(Data entries)
=== Begin Enclosure ===
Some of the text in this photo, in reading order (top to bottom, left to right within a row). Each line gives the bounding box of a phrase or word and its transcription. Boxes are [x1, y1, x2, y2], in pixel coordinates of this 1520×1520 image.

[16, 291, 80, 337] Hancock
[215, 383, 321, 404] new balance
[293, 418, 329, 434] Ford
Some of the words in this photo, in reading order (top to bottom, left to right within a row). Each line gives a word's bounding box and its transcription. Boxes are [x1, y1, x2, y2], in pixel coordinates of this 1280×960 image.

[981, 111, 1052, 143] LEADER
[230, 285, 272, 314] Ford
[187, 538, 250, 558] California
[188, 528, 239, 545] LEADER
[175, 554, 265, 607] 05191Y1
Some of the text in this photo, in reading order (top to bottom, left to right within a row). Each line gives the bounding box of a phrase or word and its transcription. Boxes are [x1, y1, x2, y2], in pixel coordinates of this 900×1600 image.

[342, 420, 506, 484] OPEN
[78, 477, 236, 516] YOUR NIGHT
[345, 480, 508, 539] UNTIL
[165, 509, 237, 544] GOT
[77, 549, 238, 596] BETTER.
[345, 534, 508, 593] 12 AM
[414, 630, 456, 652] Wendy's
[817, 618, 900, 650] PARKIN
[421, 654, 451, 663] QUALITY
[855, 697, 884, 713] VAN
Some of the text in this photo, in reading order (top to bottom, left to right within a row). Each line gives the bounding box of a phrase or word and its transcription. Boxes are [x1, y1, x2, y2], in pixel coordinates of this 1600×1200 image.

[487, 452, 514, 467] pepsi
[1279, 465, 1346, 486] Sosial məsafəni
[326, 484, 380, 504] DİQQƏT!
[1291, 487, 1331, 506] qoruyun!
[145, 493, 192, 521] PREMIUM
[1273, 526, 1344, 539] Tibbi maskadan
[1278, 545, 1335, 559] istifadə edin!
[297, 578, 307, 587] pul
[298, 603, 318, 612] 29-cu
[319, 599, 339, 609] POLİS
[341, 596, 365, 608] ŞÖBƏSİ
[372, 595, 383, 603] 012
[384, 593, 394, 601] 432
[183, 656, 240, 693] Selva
=== End Enclosure ===
# EXERCISE DIRECTIONS
Each entry is to be given again, exactly as it stands.

# TASK ANSWER
Some of the text in this photo, in reading order (top to bottom, left to right within a row). Each line gives the bounding box of a phrase or word and its transcription. Boxes are [x1, y1, x2, y2], in pixel coordinates of this 1520×1520 image.

[16, 291, 80, 337] Hancock
[215, 383, 321, 404] new balance
[293, 418, 329, 434] Ford
Some of the words in this photo, in reading order (top to bottom, left to right within a row). Each line gives a word's bounding box and its transcription. Boxes are [x1, y1, x2, y2], in pixel coordinates of this 1280×960 image.

[981, 111, 1052, 143] LEADER
[230, 285, 272, 314] Ford
[187, 538, 250, 558] California
[188, 528, 239, 545] LEADER
[175, 554, 265, 607] 05191Y1
Some of the text in this photo, in reading order (top to bottom, left to right within a row). Each line gives the bounding box of a phrase or word and its transcription. Boxes are [x1, y1, x2, y2], in pixel coordinates of this 900×1600 image.

[342, 420, 506, 484] OPEN
[78, 477, 236, 516] YOUR NIGHT
[345, 480, 508, 539] UNTIL
[165, 509, 237, 544] GOT
[77, 549, 238, 596] BETTER.
[345, 534, 508, 593] 12 AM
[414, 630, 456, 652] Wendy's
[817, 618, 900, 650] PARKIN
[421, 654, 451, 663] QUALITY
[855, 697, 884, 713] VAN
Some of the text in this photo, in reading order (top to bottom, left to right within a row). Each line gives the bounding box of a phrase or word and its transcription. Boxes are [x1, y1, x2, y2], in pixel coordinates of this 1600×1200 image.

[487, 452, 514, 467] pepsi
[1279, 465, 1346, 486] Sosial məsafəni
[326, 484, 380, 504] DİQQƏT!
[1291, 487, 1331, 506] qoruyun!
[145, 493, 192, 521] PREMIUM
[1273, 526, 1344, 539] Tibbi maskadan
[1278, 545, 1335, 559] istifadə edin!
[297, 578, 307, 587] pul
[298, 603, 318, 612] 29-cu
[319, 599, 339, 609] POLİS
[341, 596, 365, 608] ŞÖBƏSİ
[372, 595, 383, 603] 012
[384, 593, 394, 601] 432
[183, 656, 240, 693] Selva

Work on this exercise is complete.